I’ve been writing a novel for a while now, which means that people keep asking, “Got that book published yet?” As if it’s easy. As if I could be published if I wasn’t so lazy, dumb, and distracted. With that kind of pressure, it’s hard to think about anything but what you can do to make your book better. To draw the attention of an agent. To get a contract and be published.
A few months ago, after a request for a full manuscript ended in disappointment, I put my book aside. I didn’t write anything, and with time on my hands, I started reading about the business of writing. Want to get published? You need a website, a Facebook presence, and a blog. Writers really need to blog.
Oh, man. Really? Bloggers are narcissists. They are relentless self-promoters. The world already has too many bloggers. And so on.

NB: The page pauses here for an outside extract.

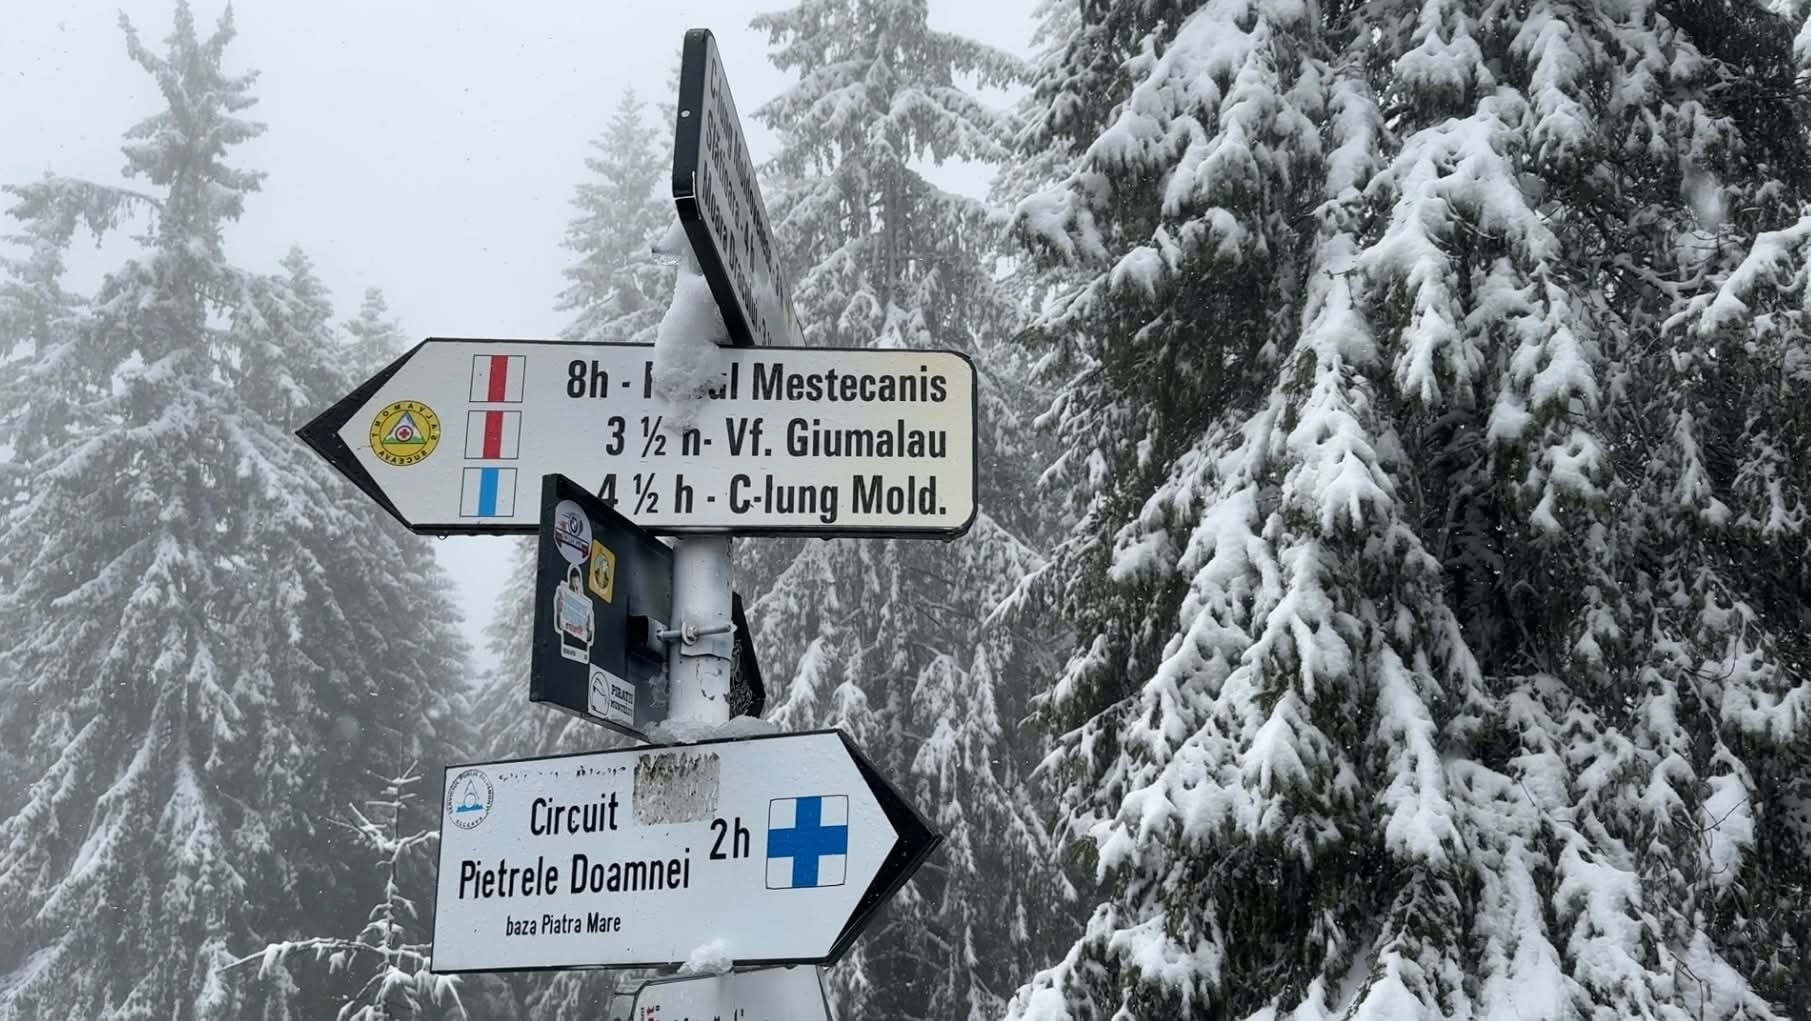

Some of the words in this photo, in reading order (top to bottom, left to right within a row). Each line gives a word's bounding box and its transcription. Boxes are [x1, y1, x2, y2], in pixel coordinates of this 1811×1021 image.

I’ll spare you the details of my conversion journey, but I rolled up my sleeves and built a website on WordPress. I’ve been blogging since November 2013 and I highly recommend it. Here’s why:
- A blog demands a commitment. Unlike the essays, short stories, and books that languish in forgotten Word files, “in progress” doesn’t work for blog posts. They must be completed and posted, on a schedule—once a week, or ten days, or two weeks. Finishing a piece of writing feels good. I’ve written on deadline—usually someone else’s—so setting my own deadlines and sticking to them was a discipline I needed to learn.
- A blog teaches you to be concise. Like any writing, a blog is a story—in 500 words or less. Beginning, middle, end. Tell the story. Notice what you had to cut to reach the right length, and apply the same principles to your other writing. Try it on short-short stories.
- A blog gives you objective feedback. When you’re writing a book, your only readers are people you know, people you ask—too often, because they’re friendly and safe. With a blog, your fans (and your critics) self-select. They tell you what they think. Whether you like it or not.
- A blog makes you human. It shows who you are as a person. Imagine an agent reading your dozen or so posts and saying, “Hmm. How interesting. I’d like to get to know her.” The same is true for any business person. Blogging puts you out there and makes you approachable.
- A blog connects you. Writing is lonely, even if you love it. Writers need isolation, but we also need companionship to feed our minds and our hearts. Following others’ blogs helps you make a different sort of friend, one who shares your interests—and often your concerns.
Blogging will make you a better writer. It will expand your confidence, and if you let it, your self-knowledge. Sometimes what you learn will make you cringe; other times it will make you smile. All of it will help you move through life—as a writer and as a person.
So yes, I admit it: I love blogging.